(Spatial localization data)
*** Block opens ***

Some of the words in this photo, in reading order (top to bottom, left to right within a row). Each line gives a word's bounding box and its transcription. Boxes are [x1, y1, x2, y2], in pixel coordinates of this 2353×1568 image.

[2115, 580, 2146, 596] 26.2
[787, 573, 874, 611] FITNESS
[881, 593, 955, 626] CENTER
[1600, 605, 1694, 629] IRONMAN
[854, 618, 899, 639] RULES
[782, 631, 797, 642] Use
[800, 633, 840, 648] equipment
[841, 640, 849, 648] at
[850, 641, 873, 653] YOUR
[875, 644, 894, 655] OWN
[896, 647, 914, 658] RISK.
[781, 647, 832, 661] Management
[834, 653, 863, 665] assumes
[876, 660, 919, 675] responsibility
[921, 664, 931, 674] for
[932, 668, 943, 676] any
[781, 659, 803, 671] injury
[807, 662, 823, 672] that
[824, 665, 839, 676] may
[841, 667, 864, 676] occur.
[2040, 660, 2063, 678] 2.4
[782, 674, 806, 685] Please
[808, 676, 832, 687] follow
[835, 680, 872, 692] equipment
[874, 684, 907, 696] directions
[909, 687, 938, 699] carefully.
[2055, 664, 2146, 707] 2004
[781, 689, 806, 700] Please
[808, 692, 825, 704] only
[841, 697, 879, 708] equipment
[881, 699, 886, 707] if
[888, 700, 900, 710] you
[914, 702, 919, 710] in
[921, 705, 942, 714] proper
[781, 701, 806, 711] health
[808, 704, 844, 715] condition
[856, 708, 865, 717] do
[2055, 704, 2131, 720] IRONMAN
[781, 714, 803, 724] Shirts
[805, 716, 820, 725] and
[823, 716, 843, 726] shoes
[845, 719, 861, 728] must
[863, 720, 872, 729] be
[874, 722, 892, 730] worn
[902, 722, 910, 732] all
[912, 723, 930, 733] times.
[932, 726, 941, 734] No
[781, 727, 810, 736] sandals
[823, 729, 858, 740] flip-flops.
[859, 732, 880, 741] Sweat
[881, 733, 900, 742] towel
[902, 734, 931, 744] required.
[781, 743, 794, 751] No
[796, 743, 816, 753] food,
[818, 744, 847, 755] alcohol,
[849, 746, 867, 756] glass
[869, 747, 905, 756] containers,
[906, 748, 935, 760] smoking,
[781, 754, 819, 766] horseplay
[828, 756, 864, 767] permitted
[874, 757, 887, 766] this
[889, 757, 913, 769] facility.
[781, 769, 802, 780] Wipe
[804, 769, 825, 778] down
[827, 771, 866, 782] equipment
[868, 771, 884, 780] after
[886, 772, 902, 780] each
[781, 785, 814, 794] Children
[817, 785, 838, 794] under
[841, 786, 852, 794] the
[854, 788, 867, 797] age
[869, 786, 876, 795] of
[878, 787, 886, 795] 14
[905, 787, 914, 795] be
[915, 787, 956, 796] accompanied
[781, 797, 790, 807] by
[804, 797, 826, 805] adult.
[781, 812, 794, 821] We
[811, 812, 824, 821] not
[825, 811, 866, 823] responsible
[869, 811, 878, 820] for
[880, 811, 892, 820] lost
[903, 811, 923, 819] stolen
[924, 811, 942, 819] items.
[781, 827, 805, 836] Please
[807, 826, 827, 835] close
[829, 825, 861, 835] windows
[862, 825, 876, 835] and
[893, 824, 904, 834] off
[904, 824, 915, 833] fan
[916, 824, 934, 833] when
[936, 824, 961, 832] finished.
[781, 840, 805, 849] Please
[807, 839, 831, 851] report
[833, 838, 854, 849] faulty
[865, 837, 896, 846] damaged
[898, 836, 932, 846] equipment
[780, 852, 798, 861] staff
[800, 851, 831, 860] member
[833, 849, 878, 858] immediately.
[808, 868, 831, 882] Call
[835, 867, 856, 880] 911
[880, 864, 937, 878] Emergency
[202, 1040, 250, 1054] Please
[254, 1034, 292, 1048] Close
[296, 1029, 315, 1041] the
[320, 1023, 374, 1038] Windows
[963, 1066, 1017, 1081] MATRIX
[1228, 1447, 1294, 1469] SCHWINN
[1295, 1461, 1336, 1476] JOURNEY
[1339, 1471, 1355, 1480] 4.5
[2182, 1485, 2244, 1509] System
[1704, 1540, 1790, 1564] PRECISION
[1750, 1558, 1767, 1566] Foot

*** Block closes ***

*WORK REQUEST:* Give back every line of the data exactly.

*ANSWER TO THE EXERCISE:*
Some of the words in this photo, in reading order (top to bottom, left to right within a row). Each line gives a word's bounding box and its transcription. Boxes are [x1, y1, x2, y2], in pixel coordinates of this 2353×1568 image.

[2115, 580, 2146, 596] 26.2
[787, 573, 874, 611] FITNESS
[881, 593, 955, 626] CENTER
[1600, 605, 1694, 629] IRONMAN
[854, 618, 899, 639] RULES
[782, 631, 797, 642] Use
[800, 633, 840, 648] equipment
[841, 640, 849, 648] at
[850, 641, 873, 653] YOUR
[875, 644, 894, 655] OWN
[896, 647, 914, 658] RISK.
[781, 647, 832, 661] Management
[834, 653, 863, 665] assumes
[876, 660, 919, 675] responsibility
[921, 664, 931, 674] for
[932, 668, 943, 676] any
[781, 659, 803, 671] injury
[807, 662, 823, 672] that
[824, 665, 839, 676] may
[841, 667, 864, 676] occur.
[2040, 660, 2063, 678] 2.4
[782, 674, 806, 685] Please
[808, 676, 832, 687] follow
[835, 680, 872, 692] equipment
[874, 684, 907, 696] directions
[909, 687, 938, 699] carefully.
[2055, 664, 2146, 707] 2004
[781, 689, 806, 700] Please
[808, 692, 825, 704] only
[841, 697, 879, 708] equipment
[881, 699, 886, 707] if
[888, 700, 900, 710] you
[914, 702, 919, 710] in
[921, 705, 942, 714] proper
[781, 701, 806, 711] health
[808, 704, 844, 715] condition
[856, 708, 865, 717] do
[2055, 704, 2131, 720] IRONMAN
[781, 714, 803, 724] Shirts
[805, 716, 820, 725] and
[823, 716, 843, 726] shoes
[845, 719, 861, 728] must
[863, 720, 872, 729] be
[874, 722, 892, 730] worn
[902, 722, 910, 732] all
[912, 723, 930, 733] times.
[932, 726, 941, 734] No
[781, 727, 810, 736] sandals
[823, 729, 858, 740] flip-flops.
[859, 732, 880, 741] Sweat
[881, 733, 900, 742] towel
[902, 734, 931, 744] required.
[781, 743, 794, 751] No
[796, 743, 816, 753] food,
[818, 744, 847, 755] alcohol,
[849, 746, 867, 756] glass
[869, 747, 905, 756] containers,
[906, 748, 935, 760] smoking,
[781, 754, 819, 766] horseplay
[828, 756, 864, 767] permitted
[874, 757, 887, 766] this
[889, 757, 913, 769] facility.
[781, 769, 802, 780] Wipe
[804, 769, 825, 778] down
[827, 771, 866, 782] equipment
[868, 771, 884, 780] after
[886, 772, 902, 780] each
[781, 785, 814, 794] Children
[817, 785, 838, 794] under
[841, 786, 852, 794] the
[854, 788, 867, 797] age
[869, 786, 876, 795] of
[878, 787, 886, 795] 14
[905, 787, 914, 795] be
[915, 787, 956, 796] accompanied
[781, 797, 790, 807] by
[804, 797, 826, 805] adult.
[781, 812, 794, 821] We
[811, 812, 824, 821] not
[825, 811, 866, 823] responsible
[869, 811, 878, 820] for
[880, 811, 892, 820] lost
[903, 811, 923, 819] stolen
[924, 811, 942, 819] items.
[781, 827, 805, 836] Please
[807, 826, 827, 835] close
[829, 825, 861, 835] windows
[862, 825, 876, 835] and
[893, 824, 904, 834] off
[904, 824, 915, 833] fan
[916, 824, 934, 833] when
[936, 824, 961, 832] finished.
[781, 840, 805, 849] Please
[807, 839, 831, 851] report
[833, 838, 854, 849] faulty
[865, 837, 896, 846] damaged
[898, 836, 932, 846] equipment
[780, 852, 798, 861] staff
[800, 851, 831, 860] member
[833, 849, 878, 858] immediately.
[808, 868, 831, 882] Call
[835, 867, 856, 880] 911
[880, 864, 937, 878] Emergency
[202, 1040, 250, 1054] Please
[254, 1034, 292, 1048] Close
[296, 1029, 315, 1041] the
[320, 1023, 374, 1038] Windows
[963, 1066, 1017, 1081] MATRIX
[1228, 1447, 1294, 1469] SCHWINN
[1295, 1461, 1336, 1476] JOURNEY
[1339, 1471, 1355, 1480] 4.5
[2182, 1485, 2244, 1509] System
[1704, 1540, 1790, 1564] PRECISION
[1750, 1558, 1767, 1566] Foot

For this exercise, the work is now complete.